In a study at Arizona State University, vegetarian and vegan endurance athletes had better cardiovascular fitness than—and were just as strong as—meat-eating athletes, perhaps in part because these diets are typically higher in healthy carbs, says study author Heidi Lynch, Ph.D., R.D.N. Vegan and vegetarian runners also eat better overall, other research shows.

“When you train hard, you burn more energy and put stress on your body,” says dietitian and certified running coach Claire Shorenstein, R.D.N. “You need to eat more as a result, including a variety of plant-based foods that are nutrient-dense and high in antioxidants, like fruits, veggies, nuts, and seeds. They help counteract the stress and reduce the risk of injury.”

As for protein, most vegans get plenty, as long as they eat a wide variety of whole foods, Shorenstein says. Tofu and tempeh are great sources, as are whole grains, legumes, nuts, and seeds.

When going meat-free, be sure to get plenty of iron from foods like lentils and dark leafygreens, and pair them with vitamin C–rich choices such as bell peppers to maximize absorption.
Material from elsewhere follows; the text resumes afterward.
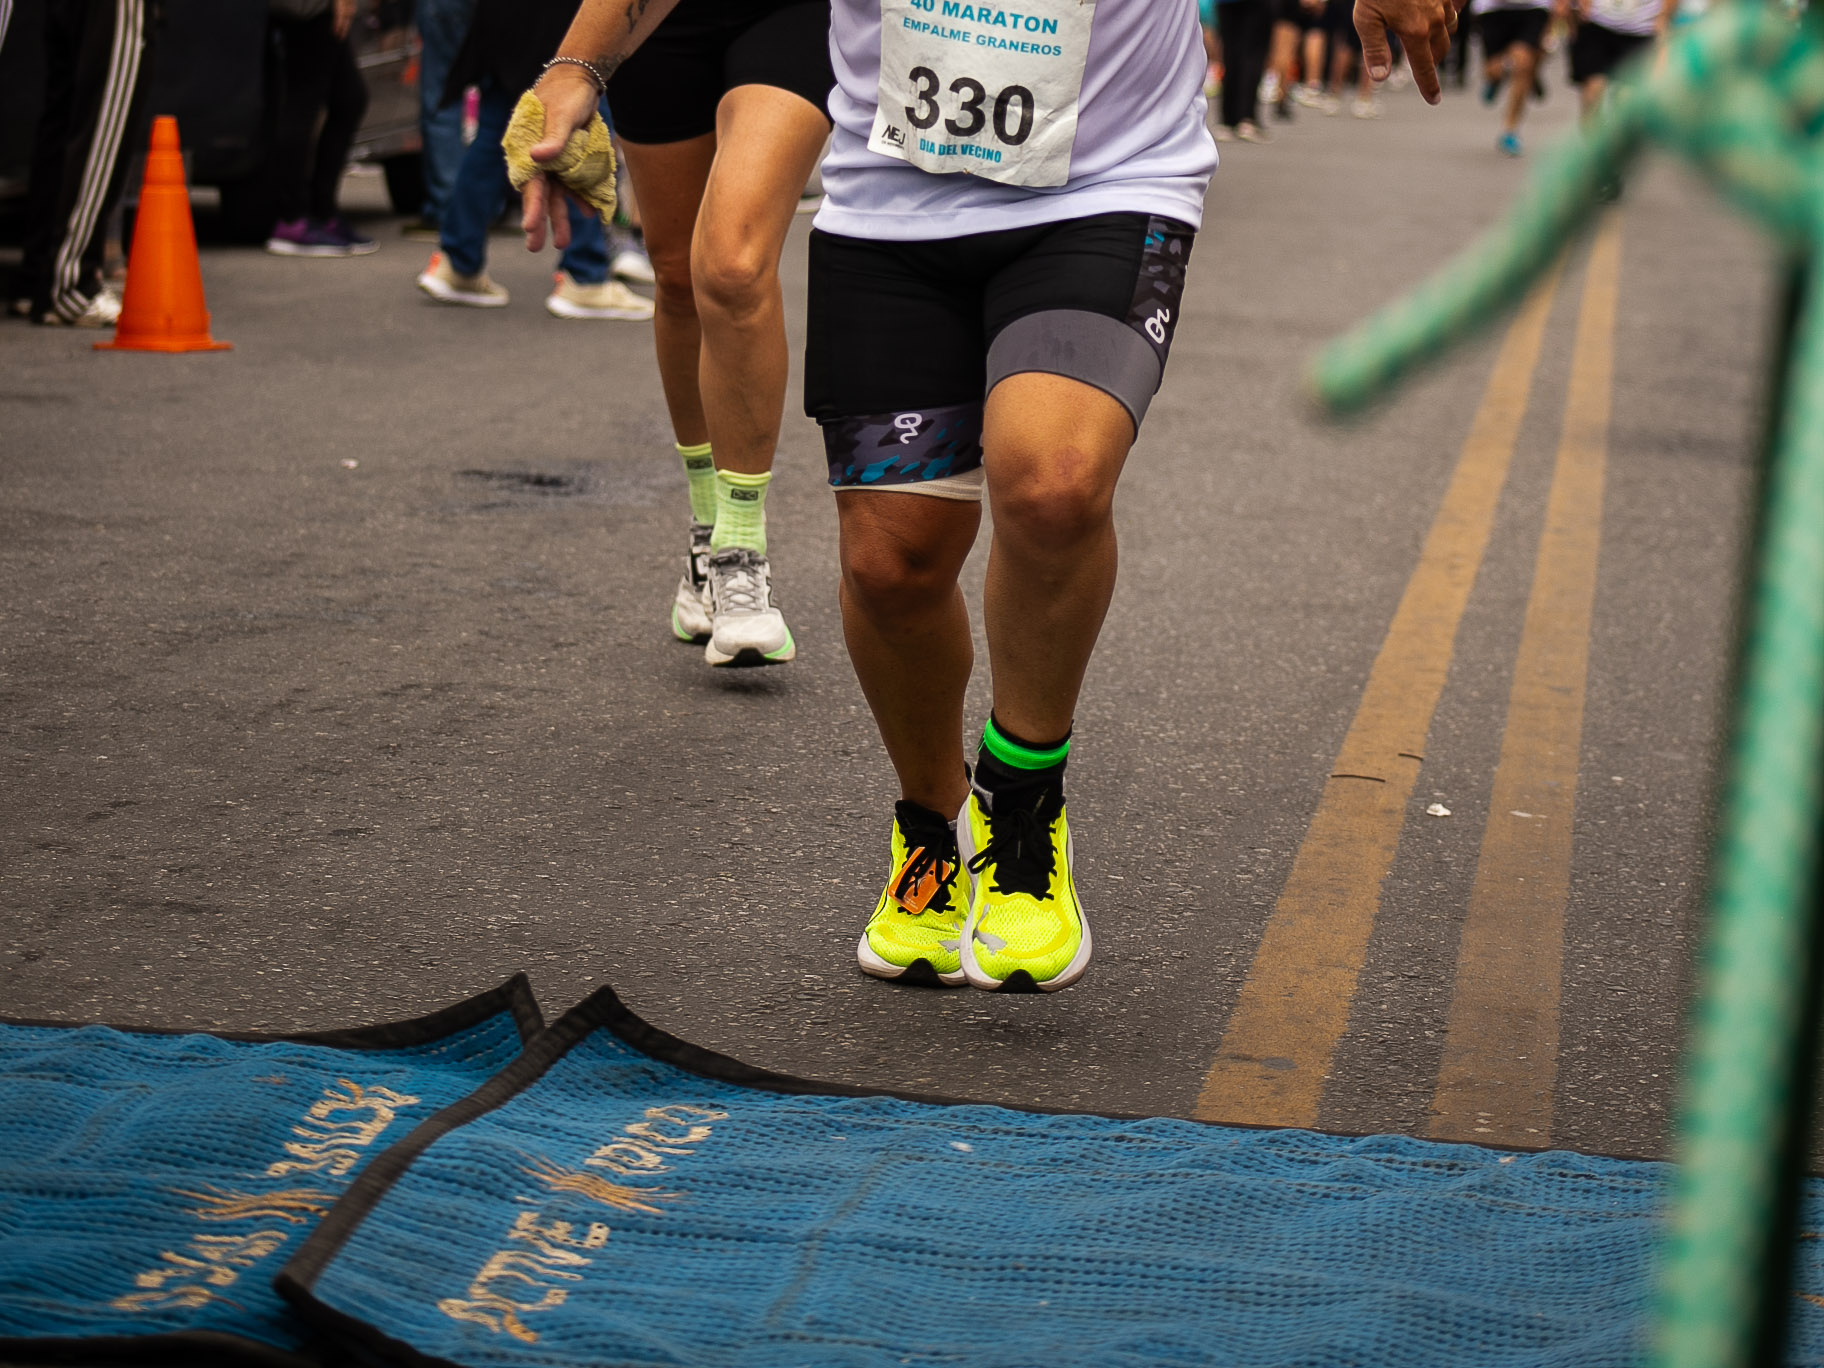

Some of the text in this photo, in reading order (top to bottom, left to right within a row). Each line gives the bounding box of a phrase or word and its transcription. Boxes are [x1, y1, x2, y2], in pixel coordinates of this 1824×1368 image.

You may also want to supplement with B12 (which is mainly found in animal products and fortified foods; ask your doctor to check your levels), and you’ll need to keep tabs on your calcium intake too (broccoli, leafy greens, and fortified plant milks are all sources). “But as long as you eat enough and your diet is balanced and varied and consists of mostly whole foods, you probably have your bases covered,” Shorenstein says.

If a 100 percent plant-based diet feels too radical, a part-time approach can also help energize you, says Jessica Murnane, the author of One Part Plant. “Eating one plant-based meal a day lets you experiment and find out if it works for you,” she says. Get started with the hearty dishes below.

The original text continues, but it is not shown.